Repeat every record below exactly, omitting any pictures.

=== Begin Enclosure ===

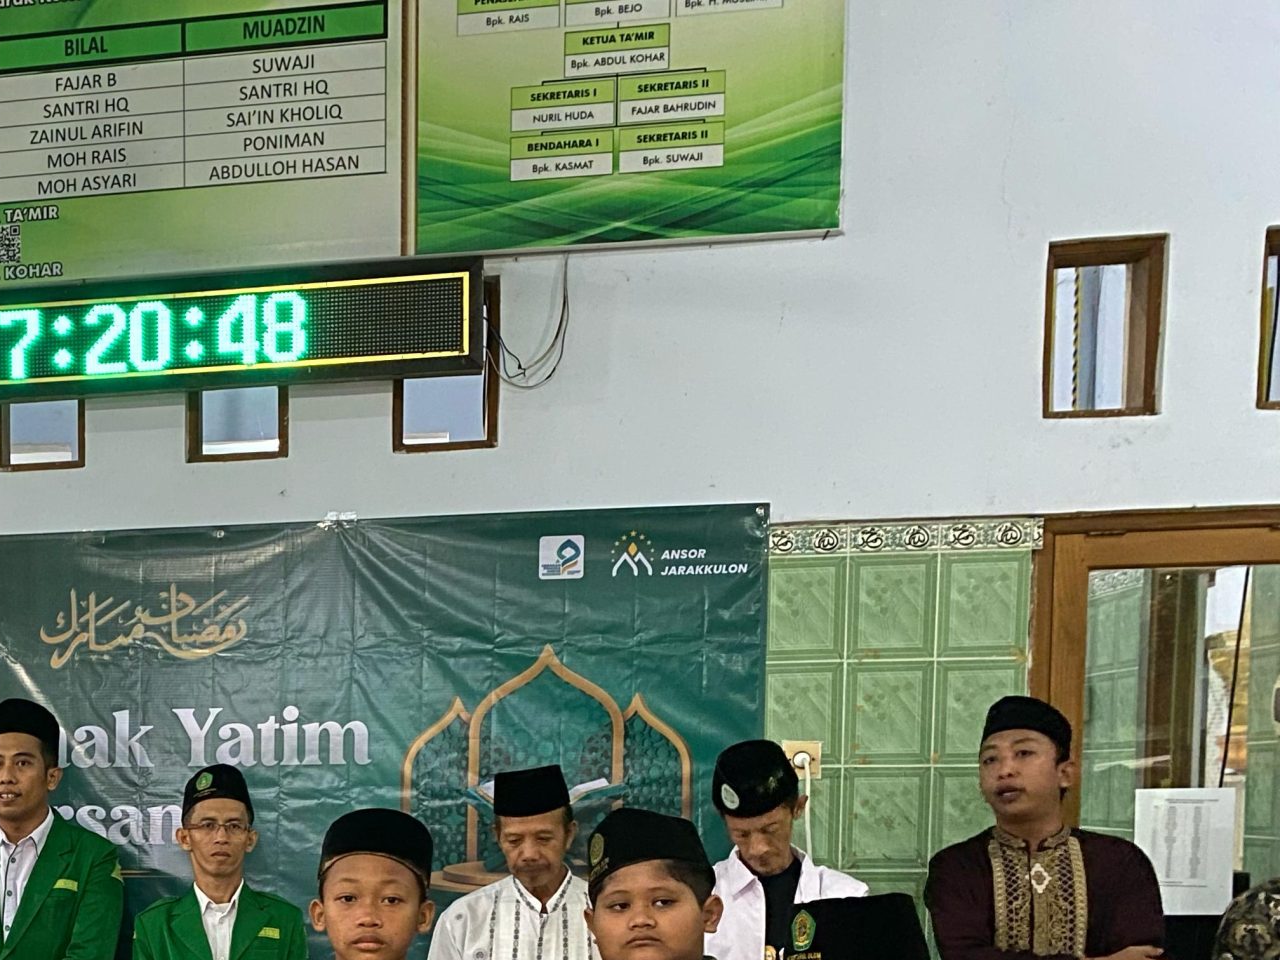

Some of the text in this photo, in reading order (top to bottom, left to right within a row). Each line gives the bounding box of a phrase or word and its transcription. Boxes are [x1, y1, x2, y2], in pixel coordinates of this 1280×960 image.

[594, 3, 643, 18] Bpk. BEJO
[242, 15, 325, 40] MUADZIN
[486, 14, 530, 27] Bpk. RAIS
[64, 36, 109, 57] BILAL
[582, 34, 616, 46] KETUA
[252, 54, 315, 74] SUWAJI
[571, 52, 666, 70] Bpk. ABDUL KOHAR
[55, 73, 117, 93] FAJAR B
[239, 79, 329, 101] SANTRI HQ
[637, 79, 709, 94] SEKRETARIS II
[530, 88, 591, 103] SEKRETARIS
[43, 97, 129, 119] SANTRI HQ
[279, 104, 343, 123] KHOLIQ
[533, 110, 594, 124] NURIL HUDA
[631, 100, 716, 116] FAJAR BAHRUDIN
[30, 121, 144, 145] ZAINUL ARIFIN
[243, 132, 325, 152] PONIMAN
[636, 129, 709, 145] SEKRETARIS II
[527, 138, 593, 153] BENDAHARA
[47, 148, 127, 168] MOH RAIS
[642, 152, 704, 167] Bpk. SUWAJI
[209, 155, 360, 181] ABDULLOH HASAN
[532, 160, 594, 175] Bpk. KASMAT
[37, 173, 137, 195] MOH ASYARI
[4, 262, 62, 280] KOHAR
[660, 548, 707, 560] ANSOR
[660, 563, 748, 576] JARAKKULON
[172, 705, 372, 768] Yatim

=== End Enclosure ===

## TASK SOLUTION:
Some of the text in this photo, in reading order (top to bottom, left to right within a row). Each line gives the bounding box of a phrase or word and its transcription. Boxes are [x1, y1, x2, y2], in pixel coordinates of this 1280×960 image.

[594, 3, 643, 18] Bpk. BEJO
[242, 15, 325, 40] MUADZIN
[486, 14, 530, 27] Bpk. RAIS
[64, 36, 109, 57] BILAL
[582, 34, 616, 46] KETUA
[252, 54, 315, 74] SUWAJI
[571, 52, 666, 70] Bpk. ABDUL KOHAR
[55, 73, 117, 93] FAJAR B
[239, 79, 329, 101] SANTRI HQ
[637, 79, 709, 94] SEKRETARIS II
[530, 88, 591, 103] SEKRETARIS
[43, 97, 129, 119] SANTRI HQ
[279, 104, 343, 123] KHOLIQ
[533, 110, 594, 124] NURIL HUDA
[631, 100, 716, 116] FAJAR BAHRUDIN
[30, 121, 144, 145] ZAINUL ARIFIN
[243, 132, 325, 152] PONIMAN
[636, 129, 709, 145] SEKRETARIS II
[527, 138, 593, 153] BENDAHARA
[47, 148, 127, 168] MOH RAIS
[642, 152, 704, 167] Bpk. SUWAJI
[209, 155, 360, 181] ABDULLOH HASAN
[532, 160, 594, 175] Bpk. KASMAT
[37, 173, 137, 195] MOH ASYARI
[4, 262, 62, 280] KOHAR
[660, 548, 707, 560] ANSOR
[660, 563, 748, 576] JARAKKULON
[172, 705, 372, 768] Yatim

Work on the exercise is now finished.